EPLI: What Every Employer Needs to Know About Employment Practices Liability
Employee lawsuits are one of the fastest-growing risks for small businesses. EPLI coverage protects you from claims that GL and workers' comp don't touch.
Employee lawsuits are one of the fastest-growing risks for small businesses. EPLI coverage protects you from claims that GL and workers' comp don't touch.

Employment Practices Liability Insurance covers claims made by employees (current, former, or prospective) alleging wrongful employment practices. This includes: discrimination (age, race, gender, disability), sexual harassment, wrongful termination, retaliation, failure to promote, and wage and hour disputes.
These claims are excluded from your general liability policy. Without EPLI, you're paying legal defense and settlements out of pocket — and employment lawsuits are expensive. The average defense cost alone exceeds $75,000, even for claims that are ultimately dismissed.
Large corporations have HR departments, legal teams, and documented procedures. Small businesses often don't. Decisions about hiring, firing, promotions, and discipline are made informally — sometimes without documentation.

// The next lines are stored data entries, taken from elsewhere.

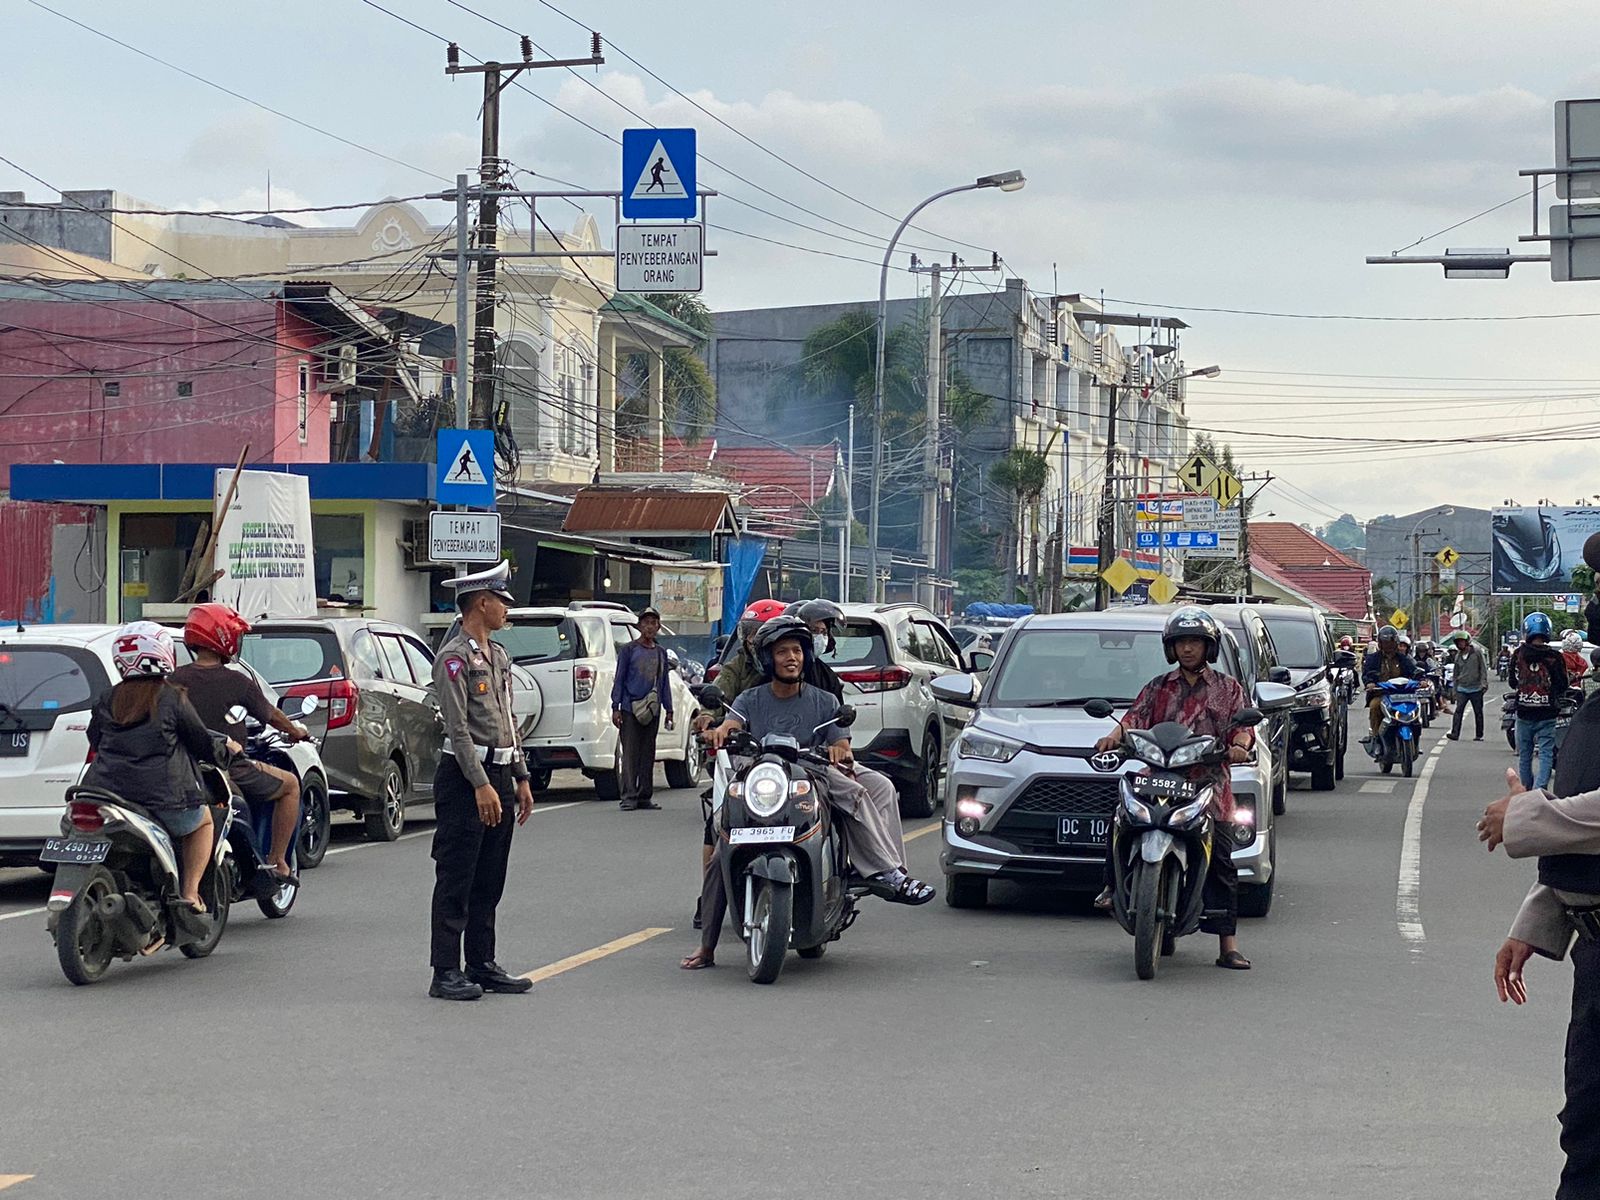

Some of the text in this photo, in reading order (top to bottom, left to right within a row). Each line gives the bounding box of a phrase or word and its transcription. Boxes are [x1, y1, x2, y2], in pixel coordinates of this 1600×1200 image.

[641, 233, 677, 247] TEMPAT
[620, 252, 698, 266] PENYEBERANGAN
[643, 269, 675, 283] ORANG
[450, 521, 480, 534] TEMPAT
[433, 538, 496, 553] PENYEBERANGAN ORANG
[11, 733, 28, 748] US
[1135, 776, 1194, 791] DC 5582 AL
[750, 828, 774, 836] 3965
[1062, 818, 1079, 835] DC
[46, 841, 108, 852] DC 4901 AY

That informality creates exposure. A terminated employee who feels the decision was unfair can file an EEOC complaint or a lawsuit. Without documentation showing the legitimate business reason for termination, the employer is in a weak position — even if the decision was justified.
A 55-year-old employee is laid off and replaced by a 28-year-old. The former employee files an age discrimination claim. Defense cost: $90,000. Settlement: $150,000.
A female employee reports that a coworker made inappropriate comments. The employer investigates but takes no action. The employee sues for hostile work environment. Defense cost: $120,000.
An employee is terminated for poor performance but was never given a written warning. They file a wrongful termination claim. Defense cost: $60,000. Settlement: $80,000.
Any business with employees should consider EPLI. The risk increases with headcount, but even businesses with 5–10 employees face significant exposure. Industries with high turnover (restaurants, retail, cleaning) are especially vulnerable because frequent hiring and firing creates more opportunities for claims.
If you've ever fired someone, denied a promotion, or had a workplace conflict — you've had EPLI exposure. The question is whether you were covered.
EPLI isn't a substitute for good employment practices — it's a backstop. To reduce your risk: maintain an employee handbook with clear policies, document all performance issues and disciplinary actions, train managers on anti-discrimination and anti-harassment laws, and consult an employment attorney before terminating anyone.
Many EPLI carriers offer risk management resources — sample handbooks, training modules, and legal hotlines — as part of the policy. Use them.